これほど心が落ち着ける場所はどこを探しても無いだろう。
「マオ、早くなさい」
「……考えてもみろ…三人同時に甘えたって、十分に甘えれるわけがない……なら一人ずつ甘えれた方がいいに決まってるだろう…」
マオが解決案を出す。
彼女にしては珍しい。
「今からそれをしたいんだけど」
「「 ………… 」」
うん。
マオらしい。
「マオ」
「やだ…」
「…………」
うん。
エミリーとフィルの気持ちも分かる。
二人は四年ぶりに会ったというのに、未だにえっちが出来ていない。
それに、ここに来てからはマオばかりに構ってばかりだ。
不満に思うのも当然だ。
しかし、マオとは喧嘩をしたばかりだ。
それを考えれば、傷心したマオを癒すのも俺の役目だろう。
うぅむ…
俺はどうするべきか…
「…マオ、どうしても嫌なの?」
エミリーが重ねて問いかける。
「駄目…」
彼女はそう言うと、俺の体をギュッと抱きしめた。
「シャルは私だけが好きなんだぁ……私だけっ…」
「…………」
オォウ…
メッチャデカイ…
マオはやがて満足したのか、少し離れて目を合わせる。
「シャル…そうだよな…?」
「…………」
えぇ…
困ったなぁ…
「ふんっ」
俺が返答に困っていると、エミリーが仁王立ちで得意気な顔をした。
「マオ、シャルが困ってるわよ? それが好きな人にすることかしら?」
「……シャル…ごめん」
「ええで」
マオの悲しそうな顔。
好きな人が悲しんでいる。
俺は人を喜ばせるのが好きだ。
だから、こんな顔で終わらせたくはない。
俺はマオに抱きつくフリをして、彼女の可愛い猫耳にそっと口を近づける。
そして…
「マオだけが好きだよ」
「っっ……!」
マオの締めつけが強くなった。
苦しいほど抱きしめられて、自力で体を動かせなくなる。
良い気分だ。
「しゃる……だいすき…」
「俺も大好きだ、マオ」
お互いに小声で話す。
マオが喜んでくれて、俺も満足だ。
だが、もし二人に聞こえていたら、どうし┈┈┈┈┈┈
「シャル」
ひっ。
今まで口を閉じていたフィルの冷たい声が刺さる。
まさか、聞こえてた…?
はっ、なわけ。
フィルが俺の方まで近寄り、横に座る。
彼女との距離と比例して俺の鼓動も早くなる。
「シャル…」
「……?」
頬に手を添えられ…
ちゅっ
…………。
「今はこれだけ…」
え…なにこの可愛い生き物。
好き…
「シャル…」
よっしゃ。
エミリーも来た。
エミリーが俺の両頬に手を添える。
「「 …………… 」」
舌を入れてきた。
「………次はこんなんじゃないわよ」
「…うん、楽しみにしてる」
やたぁ。
へへ。
ふへへぇ。
少し赤くなったエミリーが立ち上がり、それに続いてフィルも立ち上がる。
「マオ、王宮までよ。
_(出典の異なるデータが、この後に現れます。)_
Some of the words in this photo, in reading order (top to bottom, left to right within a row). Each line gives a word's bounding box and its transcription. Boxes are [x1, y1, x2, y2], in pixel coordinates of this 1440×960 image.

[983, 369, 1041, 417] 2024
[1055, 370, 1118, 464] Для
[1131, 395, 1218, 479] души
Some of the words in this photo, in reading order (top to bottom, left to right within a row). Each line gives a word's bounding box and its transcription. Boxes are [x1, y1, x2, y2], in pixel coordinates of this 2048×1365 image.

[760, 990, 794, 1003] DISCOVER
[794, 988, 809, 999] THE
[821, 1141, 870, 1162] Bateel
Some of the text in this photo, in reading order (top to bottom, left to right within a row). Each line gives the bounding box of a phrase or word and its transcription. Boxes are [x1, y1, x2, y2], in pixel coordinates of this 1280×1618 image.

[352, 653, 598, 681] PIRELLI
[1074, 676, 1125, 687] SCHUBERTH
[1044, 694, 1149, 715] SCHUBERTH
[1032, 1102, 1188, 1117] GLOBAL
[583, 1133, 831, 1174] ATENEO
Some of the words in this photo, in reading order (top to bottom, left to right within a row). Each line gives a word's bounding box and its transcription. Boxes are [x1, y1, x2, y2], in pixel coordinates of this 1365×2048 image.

それでいい?」
「うむ…ありがとう…」
すげぇ。
エミリーの寛大さに改めて感銘を受ける。
普通、ここは意地でも粘りたくなるはずだ。
我慢をしているのはエミリーだし、そろそろ鬱憤が吹き出てくるはずだ。
俺ならそうなっている。
だが、エミリーは『王宮まで』と言った。
いつ帰るかも分からないし、ここから王宮までは馬車で三週間もかかる。
それを加味しての発言。
常人には出来ない判断だろう。
ガチャ
扉が閉められた。
部屋には抱きつき合う男女が二人。
マオの温かい体温に、静かな部屋。
「シャル…私がんばった…」
ん?
どうしたんだ急に。
「うん、よくがんばったね」
「……立派…?」
なんだ、褒めて欲しいのか。
「うん、マオは立派で、俺の大好きな女性だよ」
「……へへ…」
へへ、可愛いな。
マオの顔は見えないが、頬が緩んでいるのが分かる。
「マオ、いい匂いだね」
「ん…」
彼女の大量の髪を見てそう思う。
その髪に顔を埋めて、マオの匂いでいっぱいになる。
ずっと嗅いでいたい。
「………」
お。
マオが俺の首筋にキスをしてきた。
彼女も興奮している様子だ。
「「 …………… 」」
彼女の背中を撫でつつ、シャツのボタンを外していく。
外し終わり、マオと顔を合わせる。
「下着、可愛いの着けてるね」
「うん…」
部屋の明かりを消す。
今日もたくさん愛し合った。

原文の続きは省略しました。